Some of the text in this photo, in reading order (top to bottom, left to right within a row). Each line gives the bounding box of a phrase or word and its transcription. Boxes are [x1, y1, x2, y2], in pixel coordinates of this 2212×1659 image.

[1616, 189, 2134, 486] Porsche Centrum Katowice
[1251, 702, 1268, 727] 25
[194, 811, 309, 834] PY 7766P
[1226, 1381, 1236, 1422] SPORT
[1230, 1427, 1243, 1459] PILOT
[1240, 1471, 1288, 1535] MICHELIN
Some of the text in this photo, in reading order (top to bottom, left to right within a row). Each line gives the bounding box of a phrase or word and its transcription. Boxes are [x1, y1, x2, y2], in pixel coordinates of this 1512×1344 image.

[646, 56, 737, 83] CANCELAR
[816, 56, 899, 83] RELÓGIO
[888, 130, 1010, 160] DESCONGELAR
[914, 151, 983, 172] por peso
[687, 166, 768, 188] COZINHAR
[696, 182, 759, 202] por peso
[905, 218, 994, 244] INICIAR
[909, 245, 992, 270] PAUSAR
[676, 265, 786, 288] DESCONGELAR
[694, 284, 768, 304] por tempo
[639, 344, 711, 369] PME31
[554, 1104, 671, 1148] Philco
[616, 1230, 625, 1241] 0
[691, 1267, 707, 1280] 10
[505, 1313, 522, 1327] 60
^^^^^^^^^^^^^^^^
--- Work request ---
Repeat all of the data exactly. Include every line.

--- Answer to this exercise ---
Some of the text in this photo, in reading order (top to bottom, left to right within a row). Each line gives the bounding box of a phrase or word and its transcription. Boxes are [x1, y1, x2, y2], in pixel coordinates of this 2212×1659 image.

[1616, 189, 2134, 486] Porsche Centrum Katowice
[1251, 702, 1268, 727] 25
[194, 811, 309, 834] PY 7766P
[1226, 1381, 1236, 1422] SPORT
[1230, 1427, 1243, 1459] PILOT
[1240, 1471, 1288, 1535] MICHELIN
Some of the text in this photo, in reading order (top to bottom, left to right within a row). Each line gives the bounding box of a phrase or word and its transcription. Boxes are [x1, y1, x2, y2], in pixel coordinates of this 1512×1344 image.

[646, 56, 737, 83] CANCELAR
[816, 56, 899, 83] RELÓGIO
[888, 130, 1010, 160] DESCONGELAR
[914, 151, 983, 172] por peso
[687, 166, 768, 188] COZINHAR
[696, 182, 759, 202] por peso
[905, 218, 994, 244] INICIAR
[909, 245, 992, 270] PAUSAR
[676, 265, 786, 288] DESCONGELAR
[694, 284, 768, 304] por tempo
[639, 344, 711, 369] PME31
[554, 1104, 671, 1148] Philco
[616, 1230, 625, 1241] 0
[691, 1267, 707, 1280] 10
[505, 1313, 522, 1327] 60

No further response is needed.